J’ai eu l’occasion d’être le 10 septembre à Bruxelles pour une conférence sur les données synthétiques organisée par la Commission Européenne. Et autant dire que c’est un sujet porteur en ce moment !

Pour celles et ceux qui voient pas vraiment ce que sont les données synthétiques, imaginez que les données qu’on donne à manger à un algo, c’est plein de petits points qui correspondent chacun à des personnes. L’ensemble de tous ces points (le jeu de données ou dataset ) forme un nuage de point que l’on peut vouloir changer un peu (pour ne pas reconnaître des points particuliers, pour en ajouter des nouveaux, pour en enlever, etc). Le principe des données synthétiques, c’est de prendre ce nuage et de le secouer un tout petit peu.

Oui, vous avez bien lu et je pense que si vous avez compris ça, vous avez compris beaucoup de choses aux données synthétiques. Bon, ok, c’est vrai que c’est un peu plus compliqué, et notamment parce que toute la difficulté est dans le «un tout petit peu»: si vous secouez trop, votre nuage de point bouge dans tous les sens et ne ressemble plus du tout à ce que vous aviez ; et si vous secouez pas assez, c’est comme s’il ne s’était rien passé et ce n’est pas vraiment efficace...

Pour la petite histoire, c’est un sujet que je connais un peu de par mon passage au LATECE à Montréal (QC, CA). En effet, j’étais dans une équipe où se trouvaient plusieurs personnes travaillant sur ce sujet, dont Sébastien Gambs et surtout Hadrien Lautraite. Et autant dire que c’était une approche très "techno-centrée" et en permanence empreinte de ce lien avec les Privacy Enhancing Technologies (PETs) -- je reviendrai plus tard sur cet aspect. C’est donc avec ces images assez figées -- mais pas pour autant arrêtées! -- que j’allais à la rencontre de ce qui se disait au niveau européen.

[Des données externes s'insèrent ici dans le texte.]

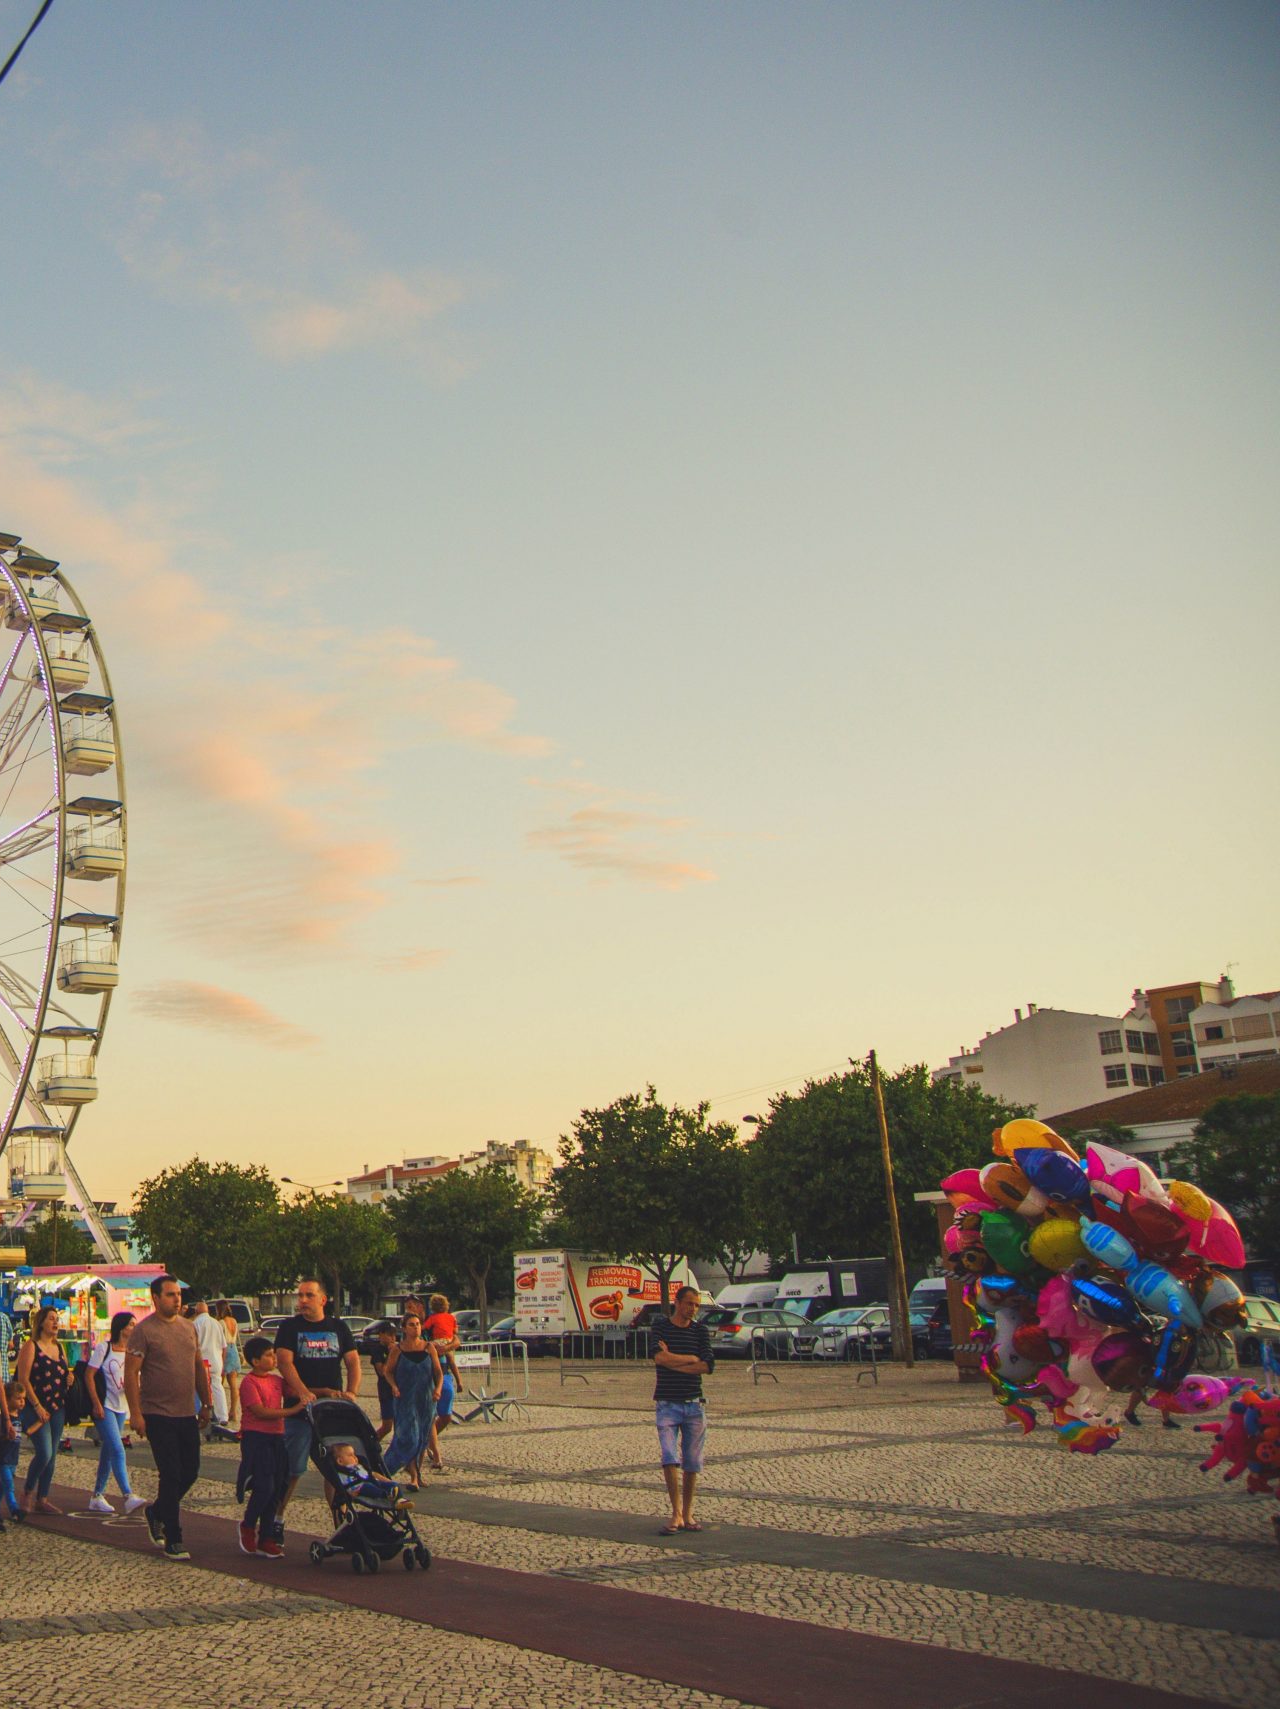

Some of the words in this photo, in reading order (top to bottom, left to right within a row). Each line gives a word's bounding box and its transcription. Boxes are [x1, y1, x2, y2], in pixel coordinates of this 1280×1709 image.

Et autant dire que j’ai très vite découvert quelles sont les autres facettes de cette technologie sous le prisme de l’industrie! Au programme de la matinée, 3 CEOs ou CTOs de start-ups sont venus présenter leurs visions pour "the next best thing to data!" -- on notera un petit "Synthetic data might help against poverty" un peu cocasse mais toutefois suivi d’un "hype-cycle for AI is not sustainable". Et on peut les comprendre: dans un monde où les données sont de plus en plus difficiles à capturer, utiliser, et conserver dans de bonnes conditions, la promesse des données synthétiques -- des données sans attaches -- est alléchante... Pour autant, l’académique n’était pas en reste et a rappelé l’après-midi que les données synthétiques ne sont pas un Saint-Graal qui guérit tous les maux (et c’est là que j’ai retrouvé mes petits moutons)!

Divers sujets ont été développés, parmi lesquels les suivants :

  • "Les données synthétiques permettent d’éviter la contrainte juridique." Et oui, c’est littéralement le premier argument donné. Le RGPD européen fait peur à beaucoup d’industriels (et pas que) et casser le lien entre données et personnes serait le meilleur moyen de ne pas rentrer dans ce "jeu" régulatoire. Reste toujours la question de l’appartenance des données: même si les données sont créées, elles n’apparaissent pas ex nihilo et la propriété juridique peut potentiellement se transmettre. Encore une fois, plus à ce sujet par la suite. Néanmoins, un point très intéressant à ce sujet est que la réglementation n’est pas encore totalement fixée à ce sujet. Non seulement le RGPD n’a été mis en pratique qu’assez récemment mais l’arrivée du Réglement IA (AI Act) peut encore chambouler la donne de par sa distinction entre IA à haut risque et IA plus modérée. Note: je n’ai néanmoins pas encore été capable de trouver si le CEN/CENELEC travaille sur la question actuellement. Quant au niveau mondial, malgré ce qu’ont pu dire certains intervenants prônants des initiatives régulatoires au niveau du IEEE, l’ISO a pour projet de travailler sur la question. Malgré tout, ceux qui me connaissent savent que je suis toujours pour ce genre d’initiative, et que je pense que l’argument de la régulation en tant que frein à l’innovation ne tient pas. Un point intéressant à ce sujet est que tous les industriels parlant de ce sujet font bien attention à se présenter comme vendeurs de software pour éviter ce point de litige!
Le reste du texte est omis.